I’ve done crisis. I’ve sat with the dying on many occasions. I’ve pulled up to the gas pump needing fuel to get to work not being sure if there was even enough money in the bank to pay for it. When life delivers crisis, you get very focused and do what has to be done. Boundary-less systems and other people’s agendas are not my crisis. I will not live with a crisis mentality in manufactured chaos, for life surely has more shit that I can not control to hand me. When the crisis is real, I will rise.

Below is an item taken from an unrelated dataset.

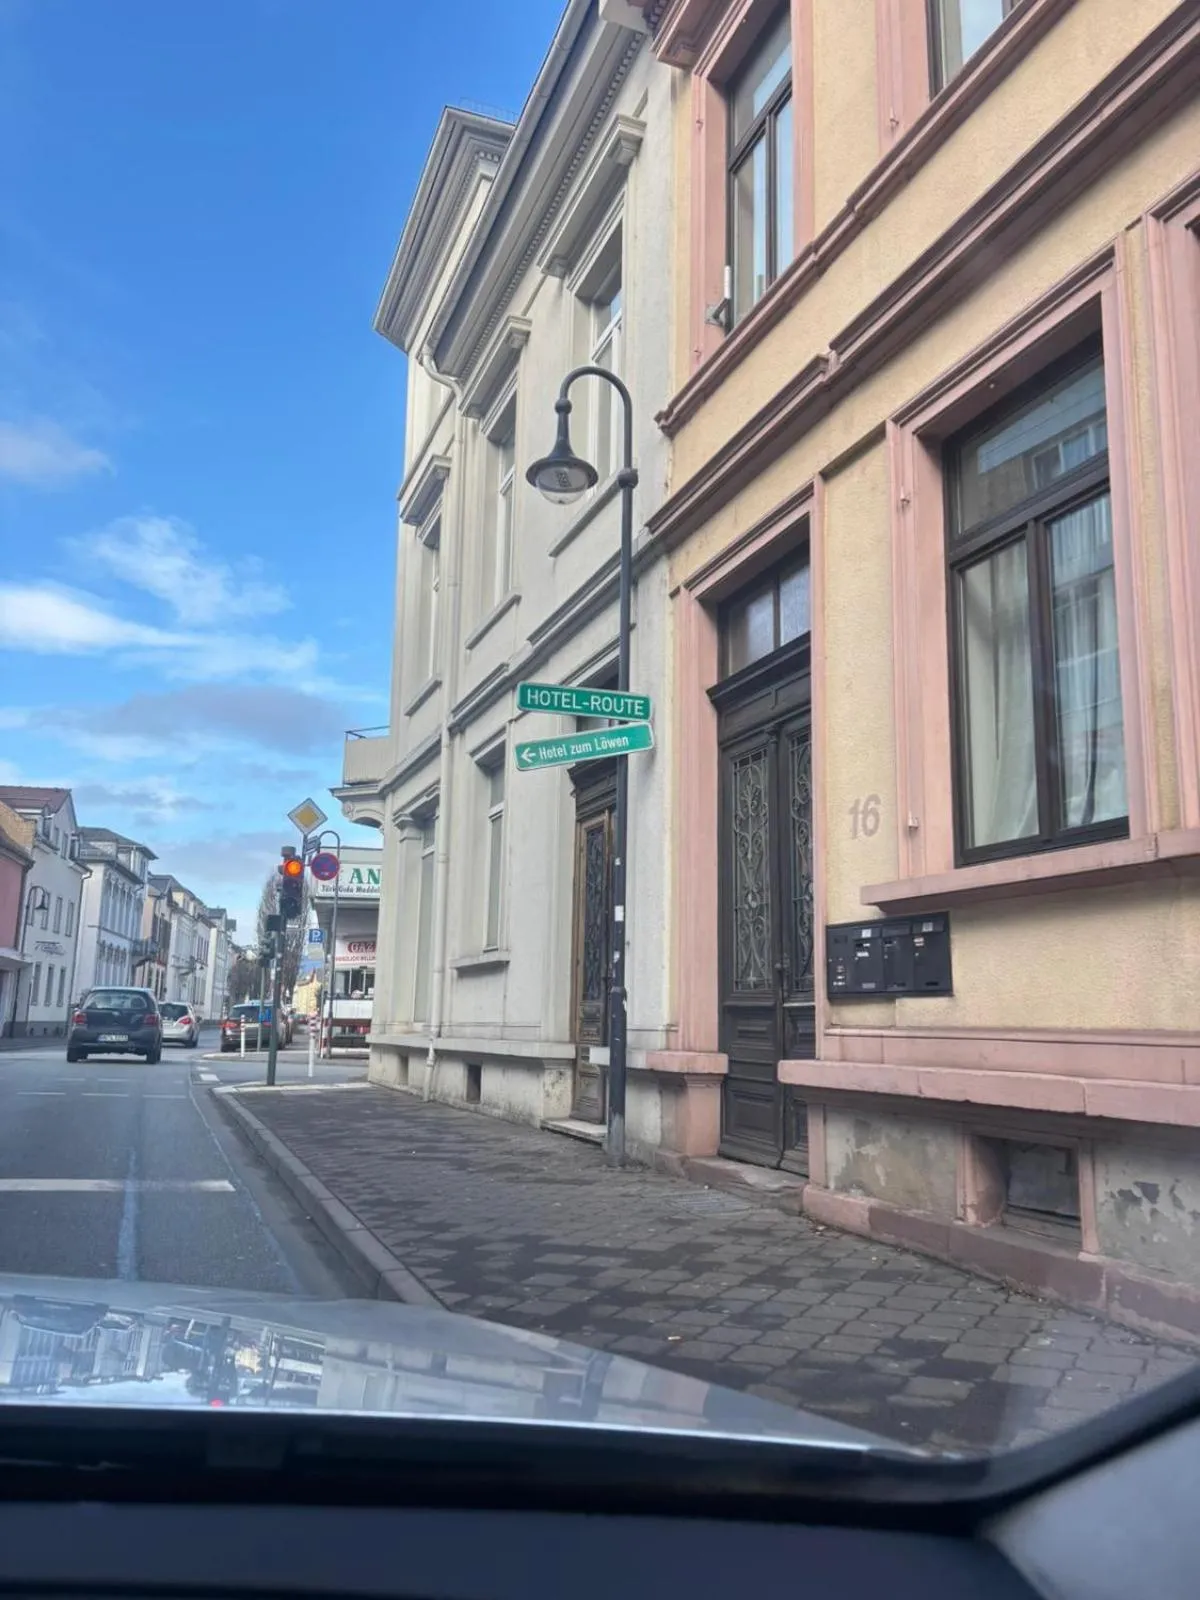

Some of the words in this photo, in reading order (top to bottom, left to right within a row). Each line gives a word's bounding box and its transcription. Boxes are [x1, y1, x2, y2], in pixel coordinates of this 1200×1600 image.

So, this is what I’m doing to heal. I’m finishing what I’ve started before taking on anything new. I’m reeling in the glimmers of excitement that are beginning to present themselves again. I’m reevaluating my values and my needs–mind body and spirit–to determine where boundaries must be strengthened —some of them with myself. I’m acknowledging that sitting with my discomfort (like loneliness in the isolation of a socially distanced winter) may well be far less painful than not attending to those things most essential to my well-being. I’m swimming slow laps, healing old wounds so that I’ll be less likely to open up new ones, writing in my journal, practicing mindfulness, talking to and snuggling with the doggies, sitting in the yard with the chickens, and going for lots of walks in the woods.

I’m learning to metabolize emotions to make room for new fully conscious choices. Above all else, I’m reminding myself that growth and healing are not a destination but a cycle of experimenting and learning and trying again, and progress is sometimes incremental. I’m remembering that and the fact that we’re surviving a freaking pandemic! Grace, dear Kim. And you know what? I find myself lying down at night to realize that I haven’t felt anxious, and I am sometimes overwhelmed with gratitude for having faced the challenge and come out smarter. In those moments, I have to the thank the Universe out loud for this amazing opportunity to grow.

*As an aside, if you haven’t seen the last 3.5 minutes of the Six Feet Under series, it might be one of the best things ever made for TV.